**** RECORDED INFORMATION

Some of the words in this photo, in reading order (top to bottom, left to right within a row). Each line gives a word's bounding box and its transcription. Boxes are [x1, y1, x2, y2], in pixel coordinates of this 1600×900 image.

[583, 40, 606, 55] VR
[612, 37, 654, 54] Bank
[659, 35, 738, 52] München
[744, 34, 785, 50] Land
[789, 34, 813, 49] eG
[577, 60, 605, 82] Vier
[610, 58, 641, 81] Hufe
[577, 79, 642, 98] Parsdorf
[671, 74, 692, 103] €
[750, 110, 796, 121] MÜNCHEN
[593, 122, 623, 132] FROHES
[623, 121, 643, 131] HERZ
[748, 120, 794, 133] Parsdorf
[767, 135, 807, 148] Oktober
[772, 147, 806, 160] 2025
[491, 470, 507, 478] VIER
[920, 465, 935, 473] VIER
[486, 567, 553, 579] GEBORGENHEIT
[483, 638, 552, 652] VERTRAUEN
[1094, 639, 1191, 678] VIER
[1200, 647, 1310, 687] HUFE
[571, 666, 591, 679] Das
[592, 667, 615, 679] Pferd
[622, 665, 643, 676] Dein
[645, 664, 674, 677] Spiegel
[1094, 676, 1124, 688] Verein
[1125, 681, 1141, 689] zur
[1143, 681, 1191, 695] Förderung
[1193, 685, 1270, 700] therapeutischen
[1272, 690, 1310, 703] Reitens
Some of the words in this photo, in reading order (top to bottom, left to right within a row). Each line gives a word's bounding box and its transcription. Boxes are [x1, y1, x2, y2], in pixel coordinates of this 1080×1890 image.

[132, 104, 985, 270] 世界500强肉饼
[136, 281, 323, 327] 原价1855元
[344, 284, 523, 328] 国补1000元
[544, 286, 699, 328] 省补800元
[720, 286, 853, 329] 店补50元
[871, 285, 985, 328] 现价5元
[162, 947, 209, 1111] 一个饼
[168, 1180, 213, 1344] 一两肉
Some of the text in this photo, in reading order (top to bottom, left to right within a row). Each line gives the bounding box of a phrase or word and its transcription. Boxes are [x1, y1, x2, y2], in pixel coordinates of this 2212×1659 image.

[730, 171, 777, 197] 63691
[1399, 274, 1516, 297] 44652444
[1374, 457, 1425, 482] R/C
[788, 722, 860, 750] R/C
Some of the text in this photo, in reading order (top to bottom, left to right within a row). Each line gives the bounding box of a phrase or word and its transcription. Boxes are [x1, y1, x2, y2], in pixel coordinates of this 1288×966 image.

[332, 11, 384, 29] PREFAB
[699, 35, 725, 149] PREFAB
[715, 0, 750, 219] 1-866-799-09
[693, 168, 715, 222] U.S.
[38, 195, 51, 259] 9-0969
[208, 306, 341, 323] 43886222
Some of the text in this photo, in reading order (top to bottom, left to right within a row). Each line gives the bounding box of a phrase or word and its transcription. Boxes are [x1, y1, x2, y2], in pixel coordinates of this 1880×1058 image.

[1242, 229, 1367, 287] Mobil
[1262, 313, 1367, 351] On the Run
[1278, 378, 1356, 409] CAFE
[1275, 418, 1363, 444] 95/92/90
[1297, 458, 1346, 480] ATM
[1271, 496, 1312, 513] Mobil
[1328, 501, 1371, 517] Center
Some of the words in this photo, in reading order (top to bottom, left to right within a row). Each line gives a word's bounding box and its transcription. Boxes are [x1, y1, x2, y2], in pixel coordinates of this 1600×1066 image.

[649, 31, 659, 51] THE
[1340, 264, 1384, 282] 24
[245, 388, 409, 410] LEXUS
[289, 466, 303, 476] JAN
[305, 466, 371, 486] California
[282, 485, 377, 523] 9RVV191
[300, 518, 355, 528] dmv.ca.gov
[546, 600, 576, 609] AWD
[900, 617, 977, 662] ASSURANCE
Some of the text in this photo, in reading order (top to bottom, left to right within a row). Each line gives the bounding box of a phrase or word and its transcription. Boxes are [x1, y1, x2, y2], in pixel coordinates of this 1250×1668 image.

********

[TASK]:
A verbatim copy of all the entries is the expected result.

[ANSWER TO THIS EXERCISE]:
Some of the words in this photo, in reading order (top to bottom, left to right within a row). Each line gives a word's bounding box and its transcription. Boxes are [x1, y1, x2, y2], in pixel coordinates of this 1600×900 image.

[583, 40, 606, 55] VR
[612, 37, 654, 54] Bank
[659, 35, 738, 52] München
[744, 34, 785, 50] Land
[789, 34, 813, 49] eG
[577, 60, 605, 82] Vier
[610, 58, 641, 81] Hufe
[577, 79, 642, 98] Parsdorf
[671, 74, 692, 103] €
[750, 110, 796, 121] MÜNCHEN
[593, 122, 623, 132] FROHES
[623, 121, 643, 131] HERZ
[748, 120, 794, 133] Parsdorf
[767, 135, 807, 148] Oktober
[772, 147, 806, 160] 2025
[491, 470, 507, 478] VIER
[920, 465, 935, 473] VIER
[486, 567, 553, 579] GEBORGENHEIT
[483, 638, 552, 652] VERTRAUEN
[1094, 639, 1191, 678] VIER
[1200, 647, 1310, 687] HUFE
[571, 666, 591, 679] Das
[592, 667, 615, 679] Pferd
[622, 665, 643, 676] Dein
[645, 664, 674, 677] Spiegel
[1094, 676, 1124, 688] Verein
[1125, 681, 1141, 689] zur
[1143, 681, 1191, 695] Förderung
[1193, 685, 1270, 700] therapeutischen
[1272, 690, 1310, 703] Reitens
Some of the words in this photo, in reading order (top to bottom, left to right within a row). Each line gives a word's bounding box and its transcription. Boxes are [x1, y1, x2, y2], in pixel coordinates of this 1080×1890 image.

[132, 104, 985, 270] 世界500强肉饼
[136, 281, 323, 327] 原价1855元
[344, 284, 523, 328] 国补1000元
[544, 286, 699, 328] 省补800元
[720, 286, 853, 329] 店补50元
[871, 285, 985, 328] 现价5元
[162, 947, 209, 1111] 一个饼
[168, 1180, 213, 1344] 一两肉
Some of the text in this photo, in reading order (top to bottom, left to right within a row). Each line gives the bounding box of a phrase or word and its transcription. Boxes are [x1, y1, x2, y2], in pixel coordinates of this 2212×1659 image.

[730, 171, 777, 197] 63691
[1399, 274, 1516, 297] 44652444
[1374, 457, 1425, 482] R/C
[788, 722, 860, 750] R/C
Some of the text in this photo, in reading order (top to bottom, left to right within a row). Each line gives the bounding box of a phrase or word and its transcription. Boxes are [x1, y1, x2, y2], in pixel coordinates of this 1288×966 image.

[332, 11, 384, 29] PREFAB
[699, 35, 725, 149] PREFAB
[715, 0, 750, 219] 1-866-799-09
[693, 168, 715, 222] U.S.
[38, 195, 51, 259] 9-0969
[208, 306, 341, 323] 43886222
Some of the text in this photo, in reading order (top to bottom, left to right within a row). Each line gives the bounding box of a phrase or word and its transcription. Boxes are [x1, y1, x2, y2], in pixel coordinates of this 1880×1058 image.

[1242, 229, 1367, 287] Mobil
[1262, 313, 1367, 351] On the Run
[1278, 378, 1356, 409] CAFE
[1275, 418, 1363, 444] 95/92/90
[1297, 458, 1346, 480] ATM
[1271, 496, 1312, 513] Mobil
[1328, 501, 1371, 517] Center
Some of the words in this photo, in reading order (top to bottom, left to right within a row). Each line gives a word's bounding box and its transcription. Boxes are [x1, y1, x2, y2], in pixel coordinates of this 1600×1066 image.

[649, 31, 659, 51] THE
[1340, 264, 1384, 282] 24
[245, 388, 409, 410] LEXUS
[289, 466, 303, 476] JAN
[305, 466, 371, 486] California
[282, 485, 377, 523] 9RVV191
[300, 518, 355, 528] dmv.ca.gov
[546, 600, 576, 609] AWD
[900, 617, 977, 662] ASSURANCE
Some of the text in this photo, in reading order (top to bottom, left to right within a row). Each line gives the bounding box of a phrase or word and its transcription. Boxes are [x1, y1, x2, y2], in pixel coordinates of this 1250×1668 image.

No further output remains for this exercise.